Выбрать главу

Hornbori brachte ihn zu einer Wand, tastete daran entlang, bis er eine Fackel fand, die nicht niedergebrannt war, und entzündete sie umständlich.

Galar behielt den Weg im Blick, auf dem sie gekommen waren. Nichts!

Hornbori hatte es jetzt auch eilig. Er führte sie durch enge Gänge, über steile Treppen bis zu einem langen Korridor, an dem etliche, mit schweren Schlössern verriegelte Türen lagen. »Hier ist es! Hier lagern wir die Vorräte. Wir sind von hinten herangekommen. Die Garküchen liegen am anderen Ende des Ganges.«

Galar interessierte es einen Scheißdreck, wo Hornboris Brut einst gekocht hatte. Er hob die Axt und hieb mit aller Kraft auf das aus dunklem Eisen gefertigte Vorhängeschloss an der ersten Tür. Beim dritten Schlag zersprang es.
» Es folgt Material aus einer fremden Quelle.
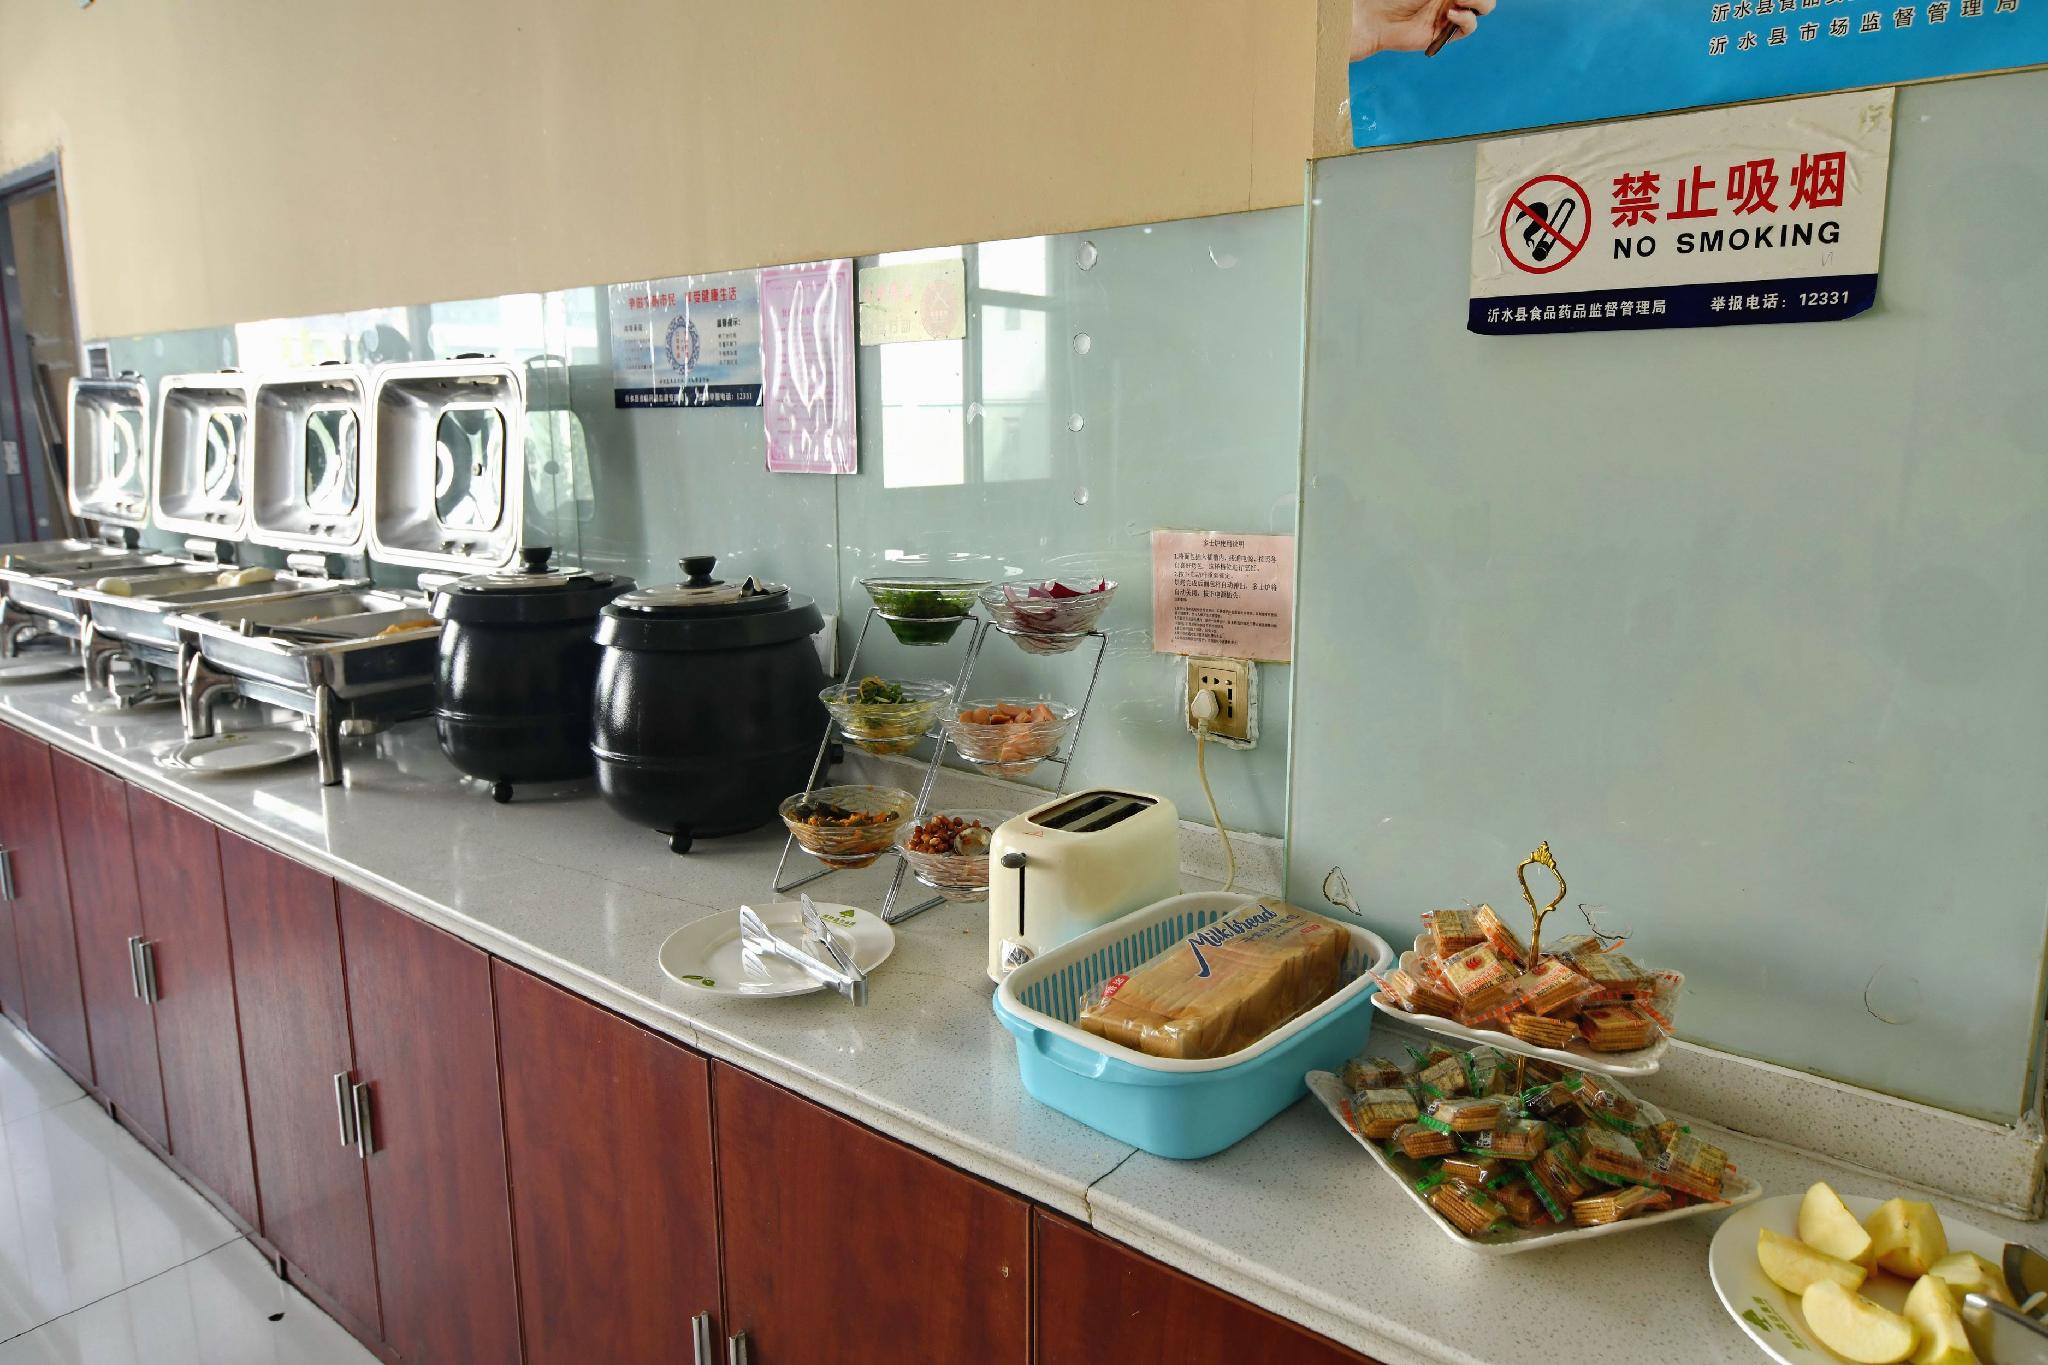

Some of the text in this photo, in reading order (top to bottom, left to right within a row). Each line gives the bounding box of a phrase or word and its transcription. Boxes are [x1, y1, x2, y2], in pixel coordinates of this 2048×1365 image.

[1708, 0, 2018, 55] 沂水县市场监督管理局
[1712, 0, 1843, 22] 沂水县食品
[1610, 151, 1847, 228] 禁止吸烟
[1613, 221, 1841, 259] NO SMOKING
[1487, 290, 1850, 323] 沂水县食品药品监督管理局 举报电话： 12331
[1188, 927, 1235, 977] Milk
[1223, 905, 1278, 935] bread
Ungeduldig zerrte der Schmied die schwere Tür auf. Die Kammer war nur drei Schritt tief. Es lagen lediglich zwei Säcke auf dem Boden, ansonsten gab es nichts. Keine Regale mit Vorratstöpfen, keine Haken, von denen Schinken und Würste hingen. Galar hatte sich das hier anders vorgestellt. Ein merkwürdiger Geruch hing in der Luft, den er nicht zuordnen konnte. Er packte einen der Säcke und warf ihn sich über die Schulter. Erstaunlich leicht, dachte er. »Bisschen geizig, deine Leute, was?«

»Wir stehen in der hintersten Vorratskammer«, entgegnete Hornbori gereizt. »Spiel dich mal bloß nicht auf. Ich erinnere mich noch gut an einen Blick in deine Vorratskammer. Verschimmeltes Brot und verschrumpelte Heringe, die wahrscheinlich schon vor deiner Geburt gefangen wurden, so wie die aussahen. Das hier sind getrocknete Datteln. Haltbar und schmackhaft.« Er packte den zweiten Sack, schwang ihn sich über die Schulter und stieß dabei gegen seinen Rucksack, in dem es leise klirrte.
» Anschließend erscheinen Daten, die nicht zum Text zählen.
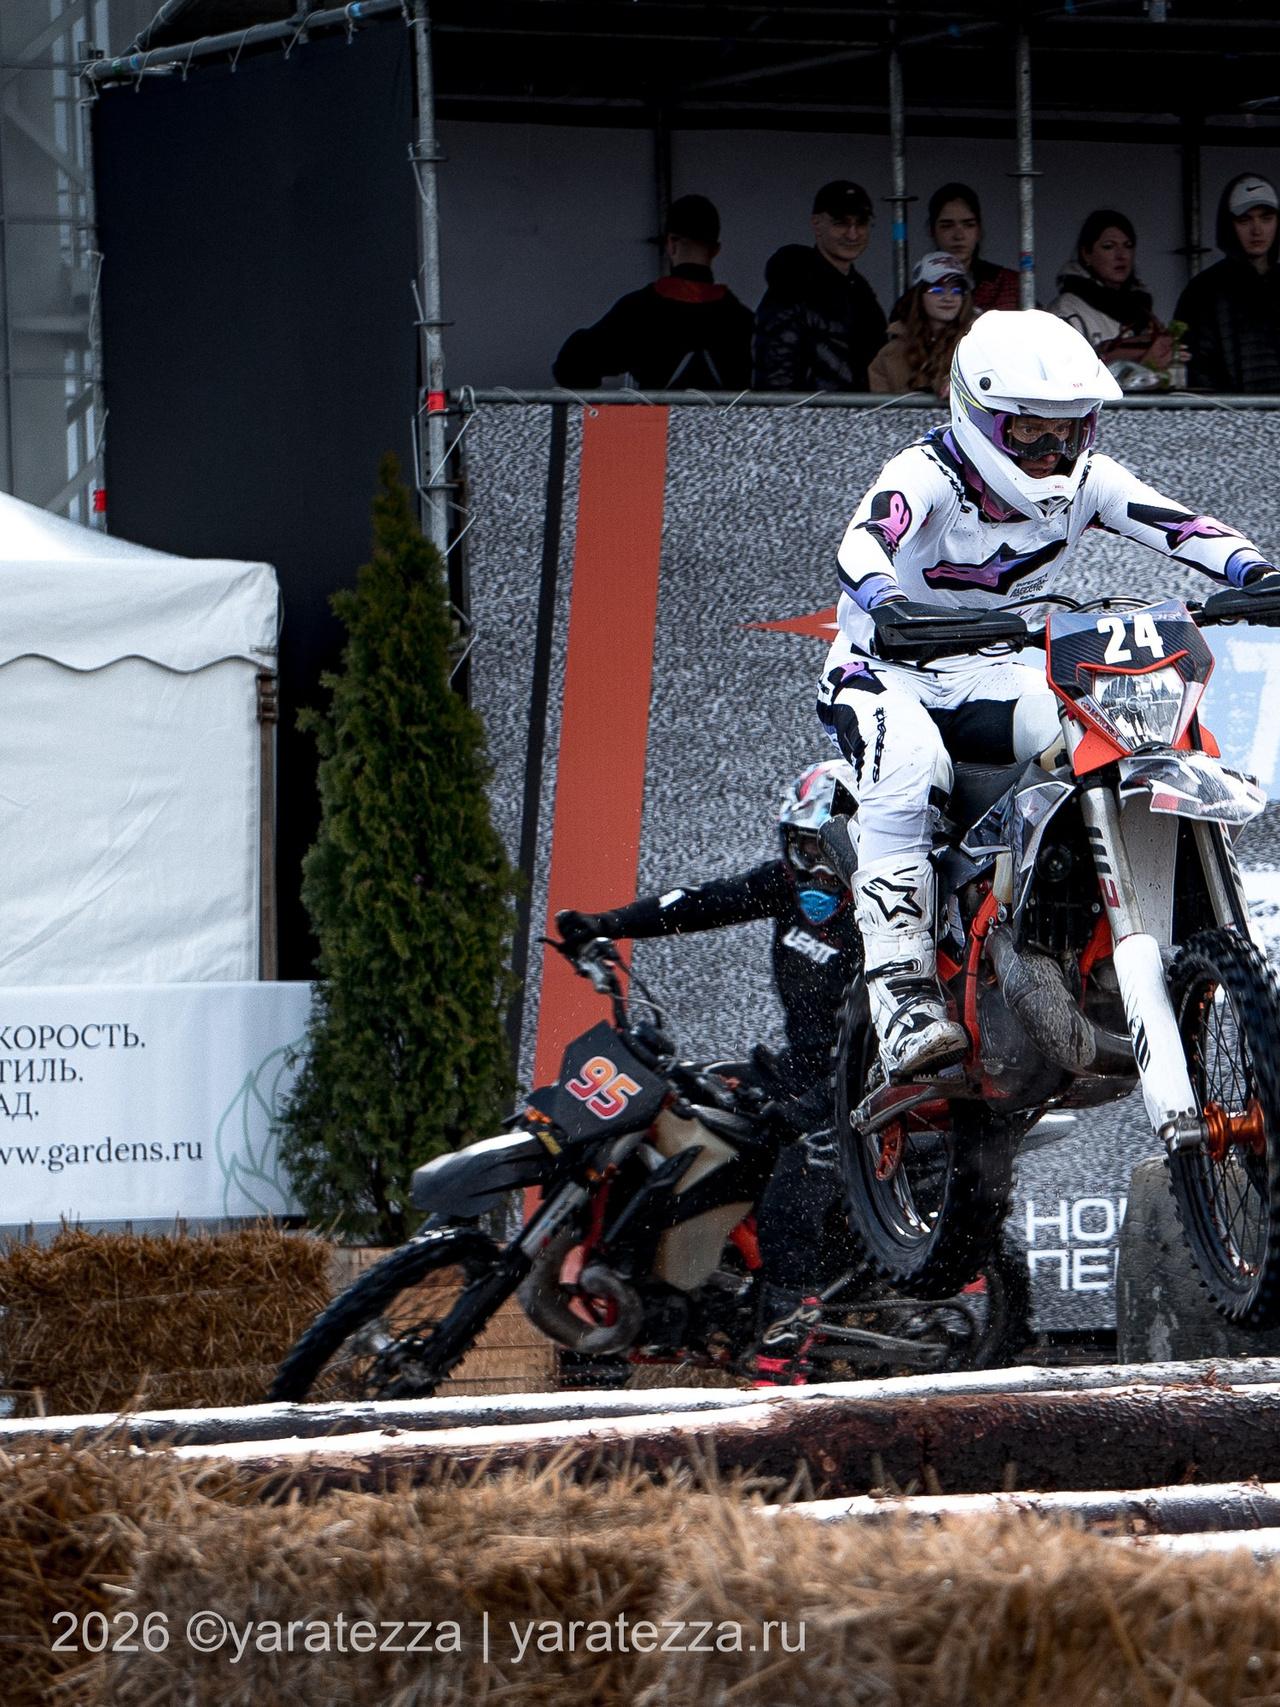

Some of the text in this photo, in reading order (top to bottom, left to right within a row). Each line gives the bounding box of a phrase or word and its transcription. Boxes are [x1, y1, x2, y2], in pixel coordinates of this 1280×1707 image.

[1096, 613, 1165, 665] 24
[565, 1056, 643, 1119] 95
[1027, 1247, 1119, 1290] ПЕ
»Pass mit den Drachenblutphiolen auf, du Tropf!«

Hornbori fluchte etwas Unverständliches. Dann verfiel er in Schweigen. Die Fackel hoch über den Kopf erhoben, stapfte er voraus. Bald schnaufte er wie ein altes Maultier. Richtige Arbeit war der Maulheld nicht gewohnt. Galar machte es nichts aus, den Rucksack und den Sack mit den Datteln zu tragen. Seine Muskeln waren durch Plackerei in der Schmiede gestählt.
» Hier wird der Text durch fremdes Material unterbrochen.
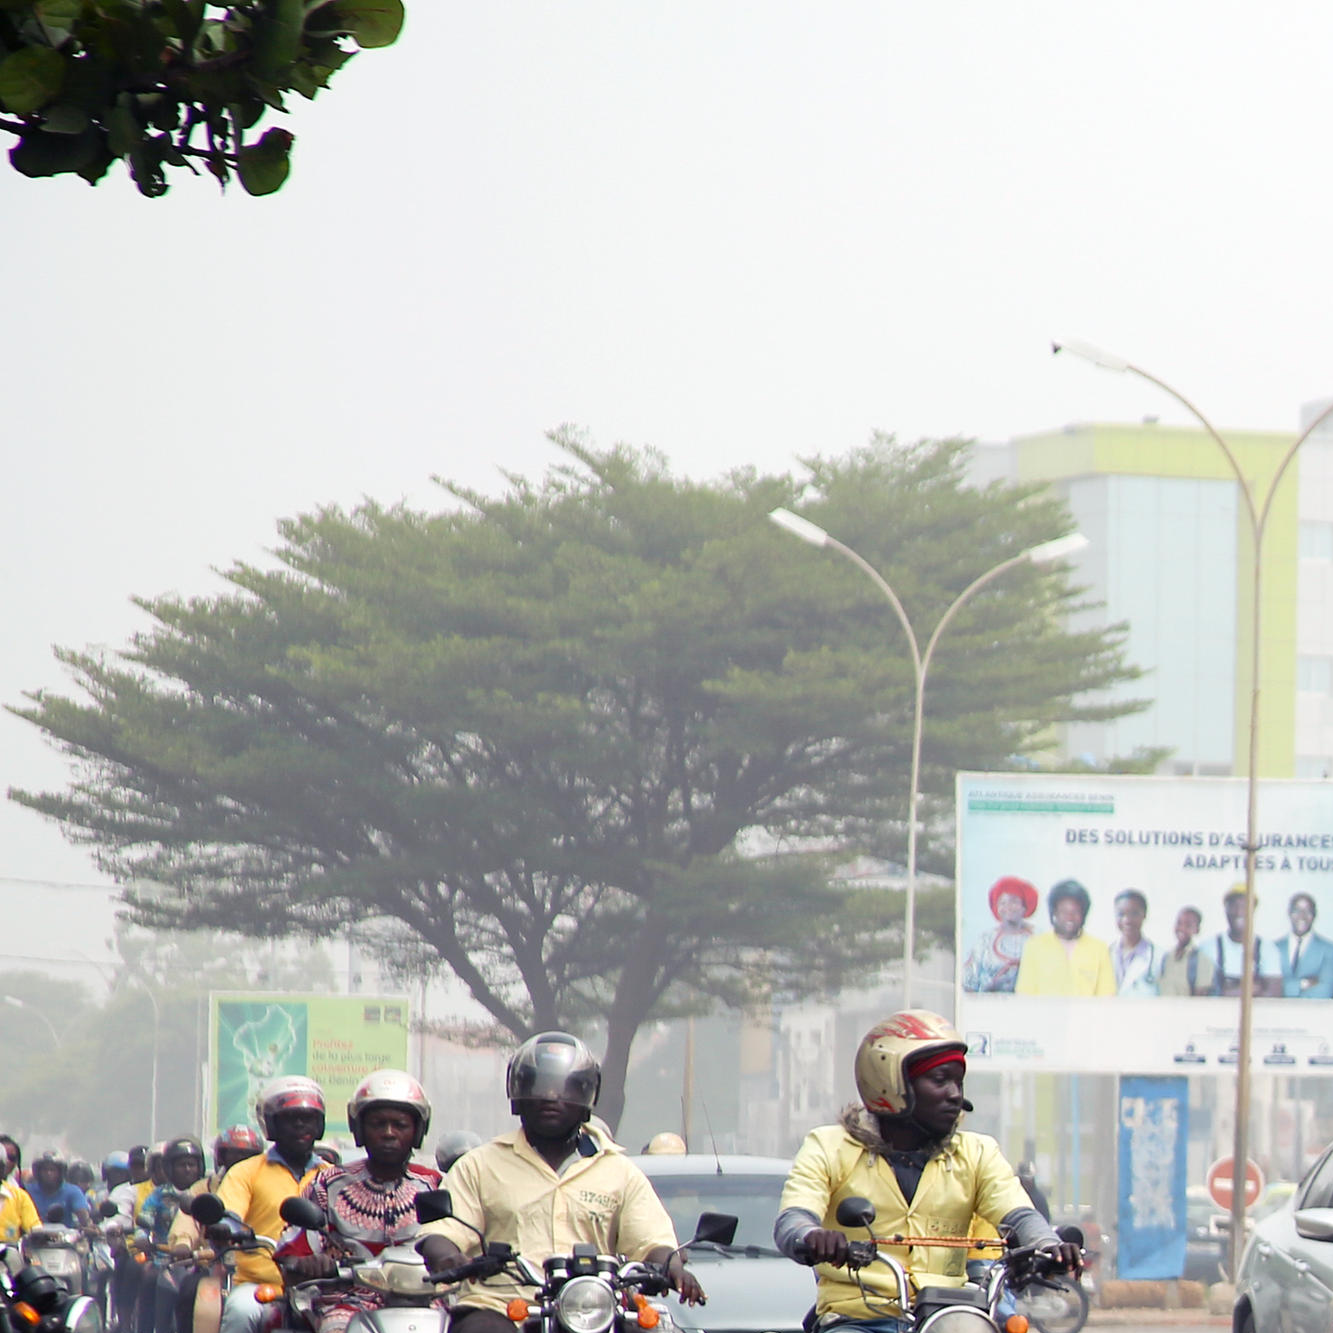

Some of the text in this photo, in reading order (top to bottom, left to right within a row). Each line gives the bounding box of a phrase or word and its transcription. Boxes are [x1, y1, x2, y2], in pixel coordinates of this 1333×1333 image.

[1065, 829, 1099, 845] DES
[1104, 830, 1203, 847] SOLUTIONS
[1280, 850, 1292, 871] À
Bald begann die Fackel zu blaken. Die Flamme schrumpfte, bis sie kaum noch so groß wie ein Finger war.

»Ist es noch weit?«

Hornbori deutete voraus auf das Ende des Ganges. »Dort kommen wir zurück zum Haupttunnel, der zum Hafen führt.« Bei diesen Worten verlosch die Fackel.

Galar ließ eine Hand an der Tunnelwand entlanggleiten. Beide verlangsamten ihren Schritt nicht. Der Schmied versuchte sich einzureden, dass der Tatzelwurm wahrscheinlich ihre Fährte verloren hatte. Die Viecher waren nicht sonderlich klug. Gar keine richtigen Drachen waren das. Konnten nicht denken. Nur fressen. Alles würde gut werden.

Als sie den Haupttunnel erreichten, konnten sie in der Ferne das warme, bernsteinfarbene Licht eines Barinsteins sehen.

»Galar?« Das war Nyrs Stimme. Alles würde gut werden! Dem Schmied fiel ein Stein vom Herzen. Er machte sich zu viele Sorgen. Alles war gut!

Nyr hielt den leuchtenden Stein hoch und schwang ihn hin und her. »Hier sind wir! Wir haben uns schon gefragt, ob ihr euch in der Speisekammer erst mal selbst den Wanst vollschlagt.«

Etwas Schleimiges tropfte auf Galars Gesicht. Verwundert sah er nach oben. Da war etwas. Das ferne Bernsteinlicht spiegelte sich auf schwarzen Schuppen. Ein Maul voller dolchlanger Fangzähne klaffte auf und stieß zu ihm herab.

Drachenblut

Galar ließ sich auf den Boden fallen, als das Drachenmaul hinabstieß. Er hörte es knacken und splittern, als die Fangzähne zupackten. Der Schmied wurde emporgerissen. Der Tatzelwurm schüttelte ihn wie einen Hund, der eine Ratte gepackt hatte und ihr das Genick brechen wollte.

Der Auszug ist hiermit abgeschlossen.